WORK REQUEST: Leave out the images and repeat the listing below without a single change.
+---+
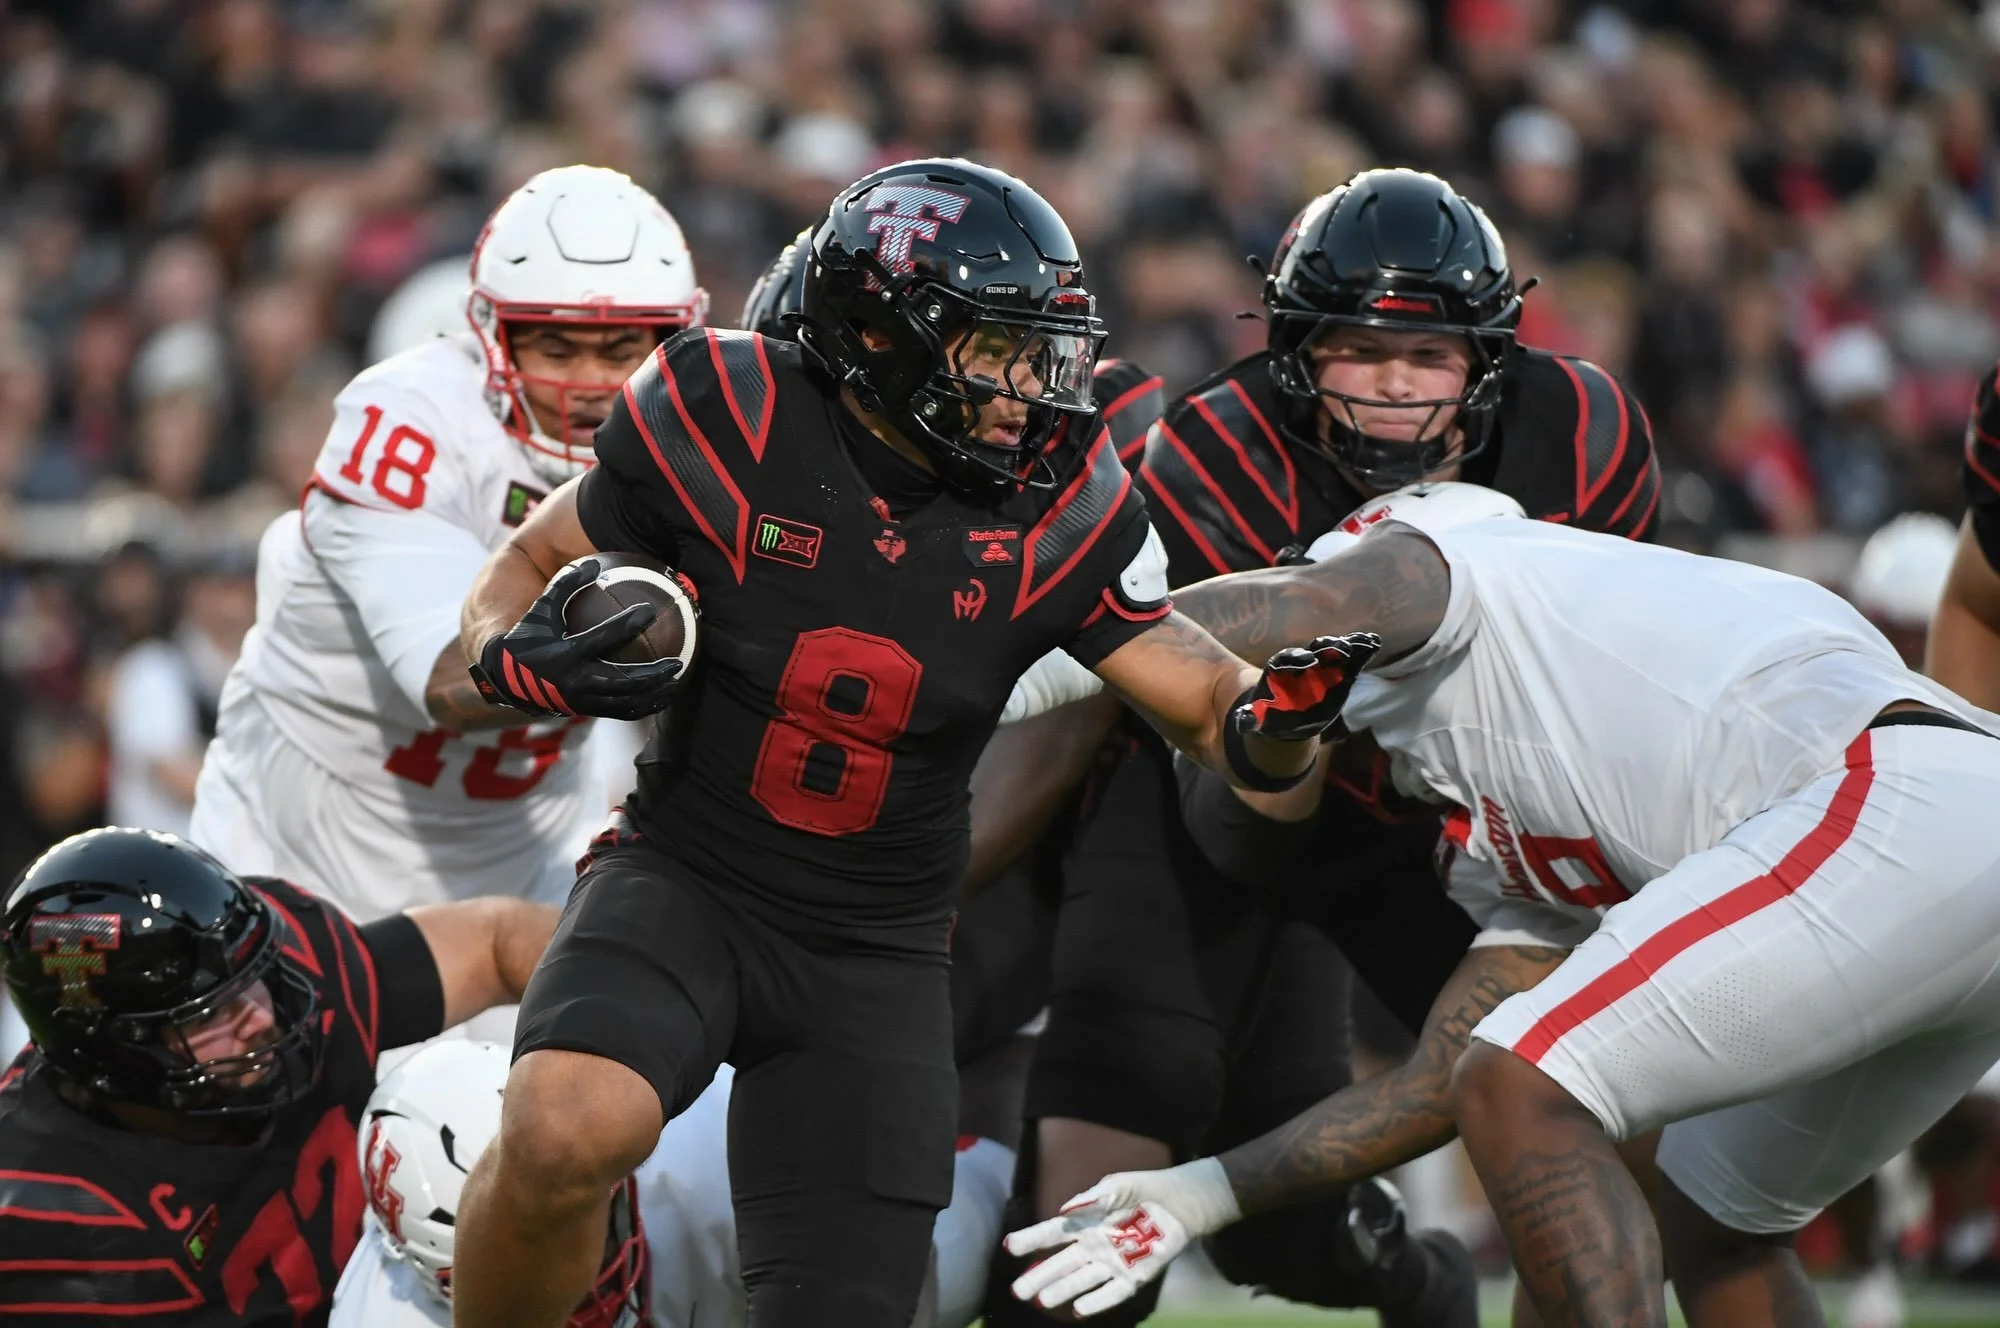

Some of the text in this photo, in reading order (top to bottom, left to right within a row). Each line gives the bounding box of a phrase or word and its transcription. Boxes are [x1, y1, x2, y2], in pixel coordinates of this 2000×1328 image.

[985, 286, 1018, 295] GUNS UP
[340, 404, 436, 510] 18
[750, 626, 923, 837] 8
[148, 1183, 193, 1231] C
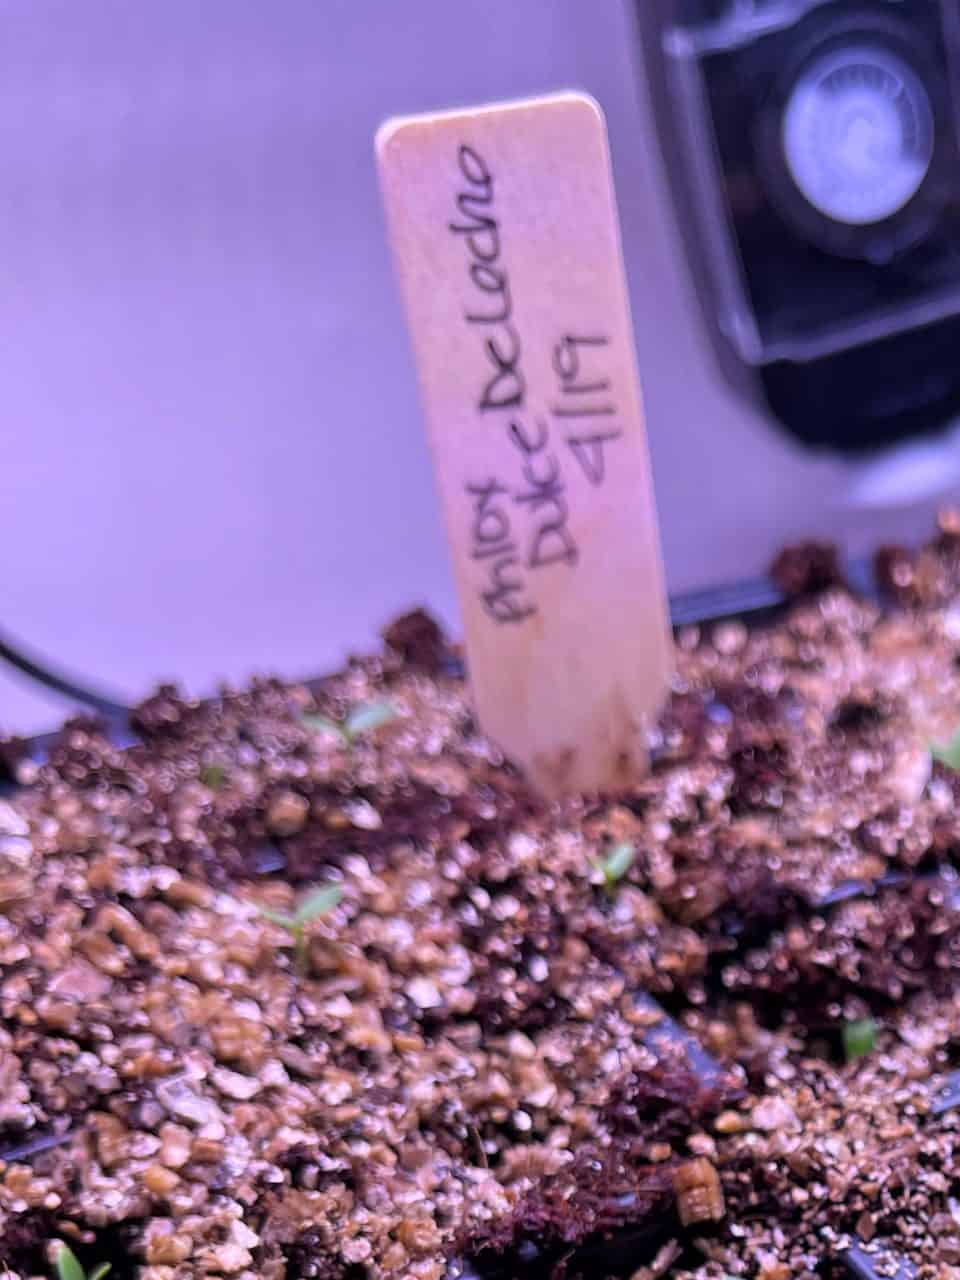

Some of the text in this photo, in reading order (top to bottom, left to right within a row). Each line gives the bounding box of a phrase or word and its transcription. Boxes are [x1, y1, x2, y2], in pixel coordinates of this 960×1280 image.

[478, 324, 526, 411] De
[552, 334, 621, 486] 4/19
[466, 478, 537, 624] Phlox
[508, 415, 577, 568] Dulce
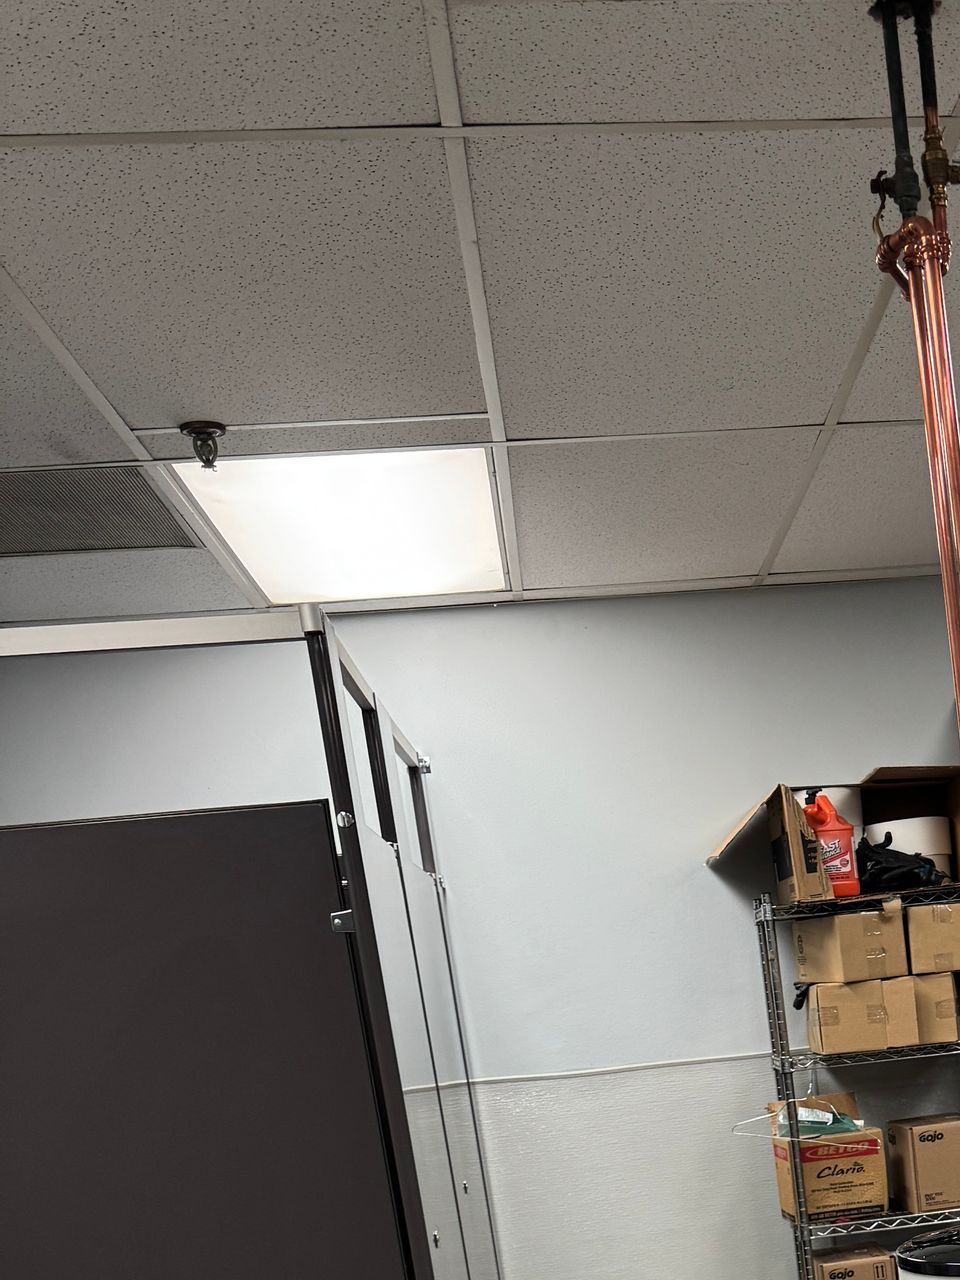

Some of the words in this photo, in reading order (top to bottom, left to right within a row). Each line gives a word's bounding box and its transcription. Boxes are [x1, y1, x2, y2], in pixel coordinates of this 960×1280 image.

[918, 1130, 944, 1143] GOJO
[817, 1141, 870, 1156] BETCO
[829, 1269, 855, 1280] GOJO
+---+
RESPONSE BOX:
Some of the text in this photo, in reading order (top to bottom, left to right within a row). Each line gives the bounding box of a phrase or word and its transcription. Boxes are [x1, y1, x2, y2], in pixel coordinates of this 2000×1328 image.

[985, 286, 1018, 295] GUNS UP
[340, 404, 436, 510] 18
[750, 626, 923, 837] 8
[148, 1183, 193, 1231] C

Some of the text in this photo, in reading order (top to bottom, left to right within a row). Each line gives the bounding box of a phrase or word and its transcription. Boxes are [x1, y1, x2, y2], in pixel coordinates of this 960×1280 image.

[478, 324, 526, 411] De
[552, 334, 621, 486] 4/19
[466, 478, 537, 624] Phlox
[508, 415, 577, 568] Dulce

Some of the words in this photo, in reading order (top to bottom, left to right within a row). Each line gives a word's bounding box and its transcription. Boxes are [x1, y1, x2, y2], in pixel coordinates of this 960×1280 image.

[918, 1130, 944, 1143] GOJO
[817, 1141, 870, 1156] BETCO
[829, 1269, 855, 1280] GOJO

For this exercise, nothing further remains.